To emphasize the difference between normal and abnormal nerves, Figure 4 shows the median and ulnar nerve at the level of the distal forearm. The normal median nerve (white arrow) has similar signal intensity on both the non-sensitized image (left) and diffusion-sensitized image (right). The abnormal ulnar nerve (red arrow) becomes evident with diffusion sensitization (right image). Note that the vasculature adjacent to the ulnar nerve has been suppressed on the diffusion sensitized image (right, dashed white arrow).

Figure 4

Movie 4 and Movie 4 hows long segments of the nerves at the elbow and forearm respectively.

Movie 4 Movie 5

Section 5: Axial High Resolution Volumetric T1 Weighted Post Contrast Fat Suppressed Sequence

Using a custom two-point Dixon sequence, an axial T1 weighted volumetric post contrast sequence is acquired. This sequence allows high resolution imaging high enough to depict small individual nerve fascicles.

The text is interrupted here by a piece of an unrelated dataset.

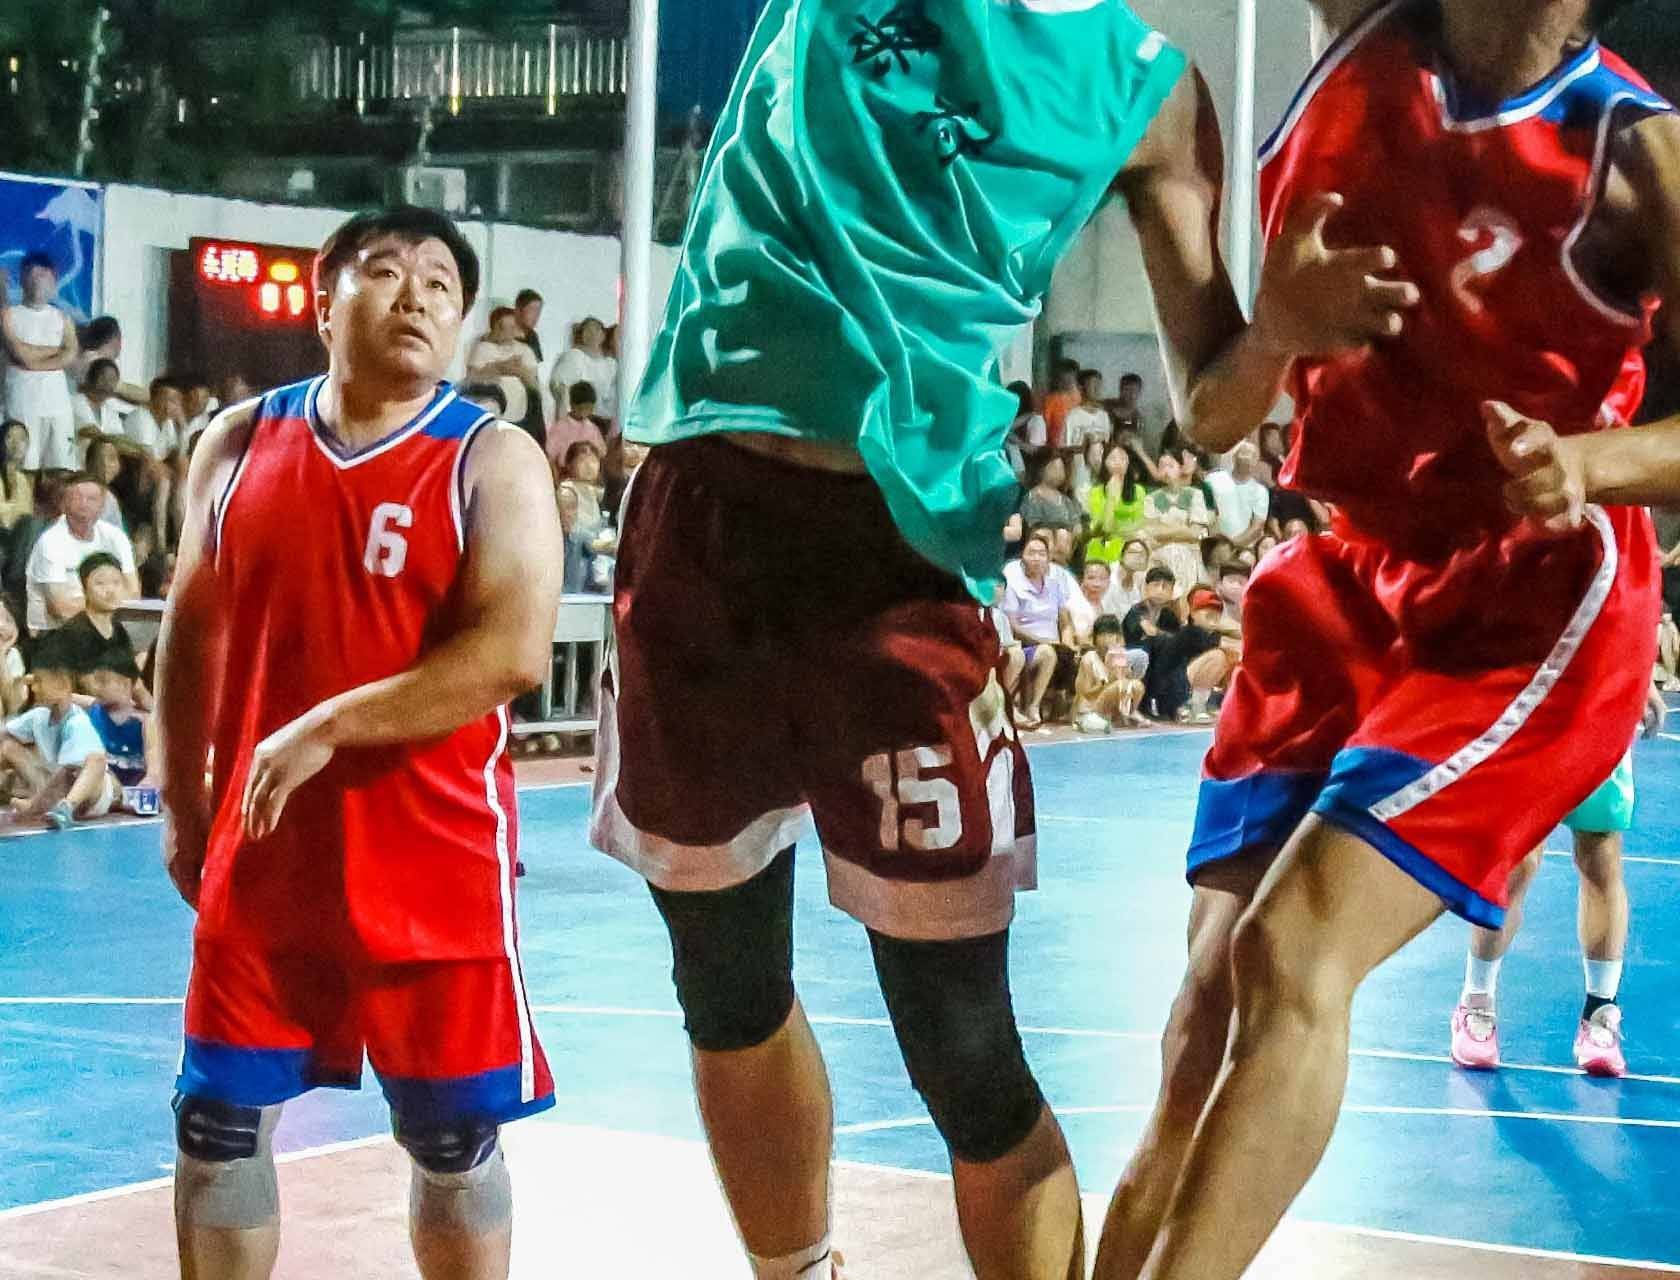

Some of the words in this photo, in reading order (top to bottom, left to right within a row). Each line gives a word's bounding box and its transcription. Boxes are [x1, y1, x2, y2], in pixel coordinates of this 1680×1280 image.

[1450, 206, 1524, 315] 2
[363, 501, 413, 578] 6
[861, 745, 963, 851] 15

Enhancement of the nerve may be indicative of active inflammation.

Figure 5 shows abnormal enhancement of the ulnar nerve fascicles at the level of the elbow (red arrow).

Figure 5

Figure 6 at the level of the distal forearm, shows normal degree of enhancement of the median nerve (white arrow) and abnormal enhancement of the ulnar nerve (red arrow).

Figure 6

Movie 6 shows the entire sequence at the level of the elbow

Movie 6

Section 6: Volumetric Image Reconstruction

Volumetric sequences with custom technique can yield high spatial resolution isotropic voxels, enabling multiplanar reconstructions (i.e., sagittal, coronal, curved). Thus, visualization of the entire target nerve is possible by utilizing specialized 3D post-processing software.

Figures 7-9 show curved reconstructed images of the ulnar nerve from the mid humerus to the mid forearm, for volumetric T2, Dual-echo, and T1 post-contrast sequences respectively. The ulnar nerve can be seen to have abnormal signal (red arrows), extending from the upper arm above the elbow and distally out of the field-of-view.

Figures 7-9

Section 7: Case Wrap-up

Based on physical examination and the MR neurogram, the patient was diagnosed with acute ulnar neuritis from the distal upper arm just above the elbow to the wrist, secondary to entrapment at the cubital tunnel. A combination of surgical intervention (cubital tunnel release), physical therapy, and anti-inflammatory medications resulted in near complete return of hand strength.